Dr. Maya Angelou is one of the most renowned and influential voices of our time. Hailed as a global renaissance woman, Dr. Angelou is a memoirist, novelist, educator, dramatist, producer, actress, historian, filmmaker, and civil rights activist. However, she is most remembered as a beautiful poet. Throughout this essay, I will send you back in time to see the life of the magnificent Dr. Maya Angelou. It is hard to find words that describe her, so I will leave that up to you. But, I will say her poetry will slide through the brain and straight to your heart.

Dr. Maya Angelou was born Marguerite Annie Johnson on April 4th, 1928 in St. Louis Missouri. As a young child, in fact at the age of seven, Angelou had gone through a horrifying experience that no one should ever have to go through especially for a child. Her uncle killed her attacker and Angelou felt as if that was her fault. As a result of the terrifying incident, she stopped talking for five years. Maya’s mother had sent Maya and her brother to live with their grandmother so she could gather herself and prepare for a life full of children. In those five years of living with her grandmother in Stamps, Arkansas, she never spoke a word. Think about it, if you try and not speak for a day, I bet you couldn’t. Now take that challenging one day of not speaking and multiply it by one-thousand-eight-hundred-five.

As a teenager, Angelou earned a scholarship to study dance and drama at San Francisco’s Labor School, where she first became inspired to be an activist. Later, she dropped out of the school to become the first African-American cable car conductor. The racism, the dirty looks, and the horrible comments failed to stop her. She returned to high school in her senior year. A week after Angelou graduated high school, she gave birth to her first and only child. She had to support herself and a child alone. She had not given up her love for the arts.

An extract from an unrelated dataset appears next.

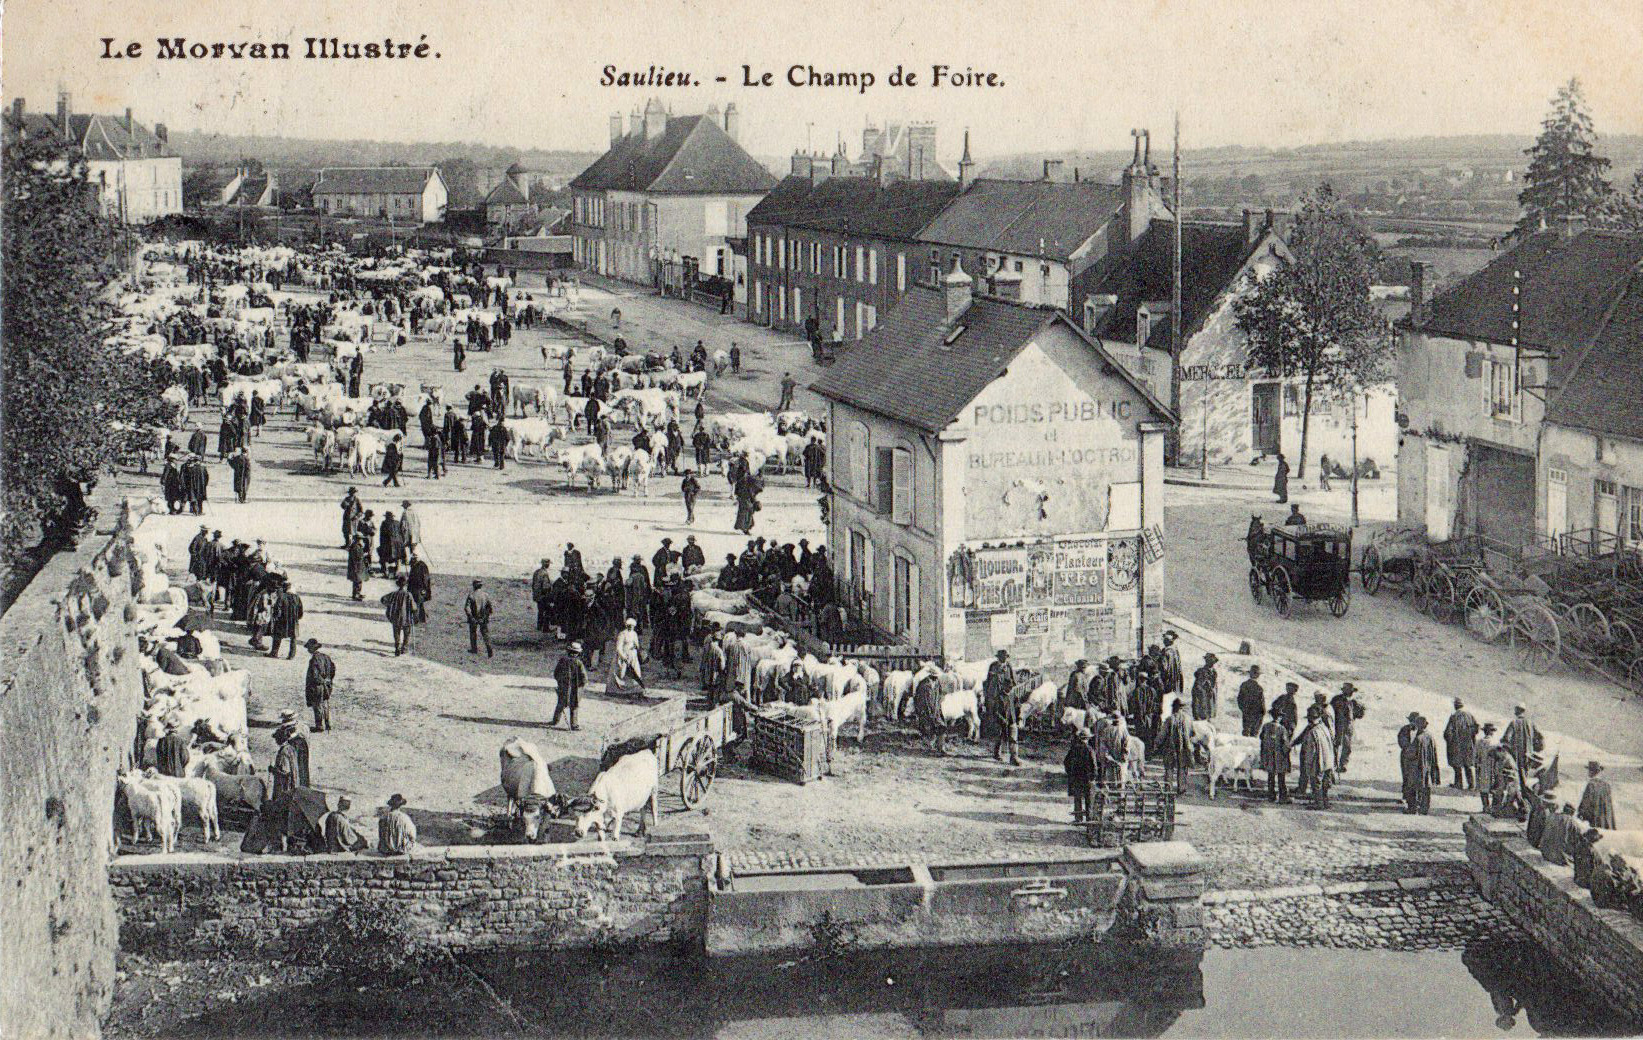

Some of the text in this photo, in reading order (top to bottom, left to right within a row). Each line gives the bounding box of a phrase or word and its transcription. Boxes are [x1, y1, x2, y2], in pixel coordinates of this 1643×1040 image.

[974, 400, 1132, 425] POIDS PUBLIC
[969, 450, 1040, 469] BUREAU
[1055, 552, 1104, 570] Planteur
[1060, 570, 1099, 588] Thé

Maya didn’t let anything discourage her. In 1952, Angelou married a greek sailor Anastasios Angelopulos, she became a nightclub singer. She combined her childhood first name and shortened her last name to create Maya Angelou. Her love for poems and song lyrics lived on even if her marriage did not. Gradually, Angelou became an African-American civil rights activist. When Maya returned to America she planned to help Malcolm X with his new organization for African-Americans. Sadly, in that week when she returned (1964), Malcolm X was assassinated, like many of the African-American civil rights activists (except, thankfully, for Maya Angelou). Maya continued to be Northern Coordinator for the Southern Christian Leadership Conference as requested by Dr. Martin Luther King Junior. Dr. Martin Luther King Junior was assassinated on April 4, 1968 which also happened to be Angelou’s birthday.

Though going through many sad moments in this time of her life, she continued on and found an even bigger passion for writing with the help and inspiration of one of her dear friends, James Baldwin. With the help of James Baldwin and the relaxation she found in writing, I Know Why The Caged Bird Sings was born. I Know Why The Caged Bird Sings was a book explaining the life and hardships of Maya Angelou’s life. She became a positively internationally known person. As the years progressed, so did her writings, poems, and stories. Angelou was very much recognized as a global renaissance woman.

As an African-American young lady, I felt as if Maya Angelou was personally speaking to me. Encouraging me, strengthening me, helping me. She had high expectations, that we African-Americans fulfill our dreams to evolve and obtain our rights. If I could thank her for how much she has inspired and helped me, my family, my friends, and so much more I would. One of her greatest teachings to me was to forgive and forget. No matter how bad, because, honestly, what good what it do you to keep in all that hate? So personally, I want to thank you, Maya Angelou. I know I didn’t get in all of your life’s accomplishments. But that’s okay because I know them, you know them, and the world knows them. Her love, life, and teachings will forever hold a special place in our hearts.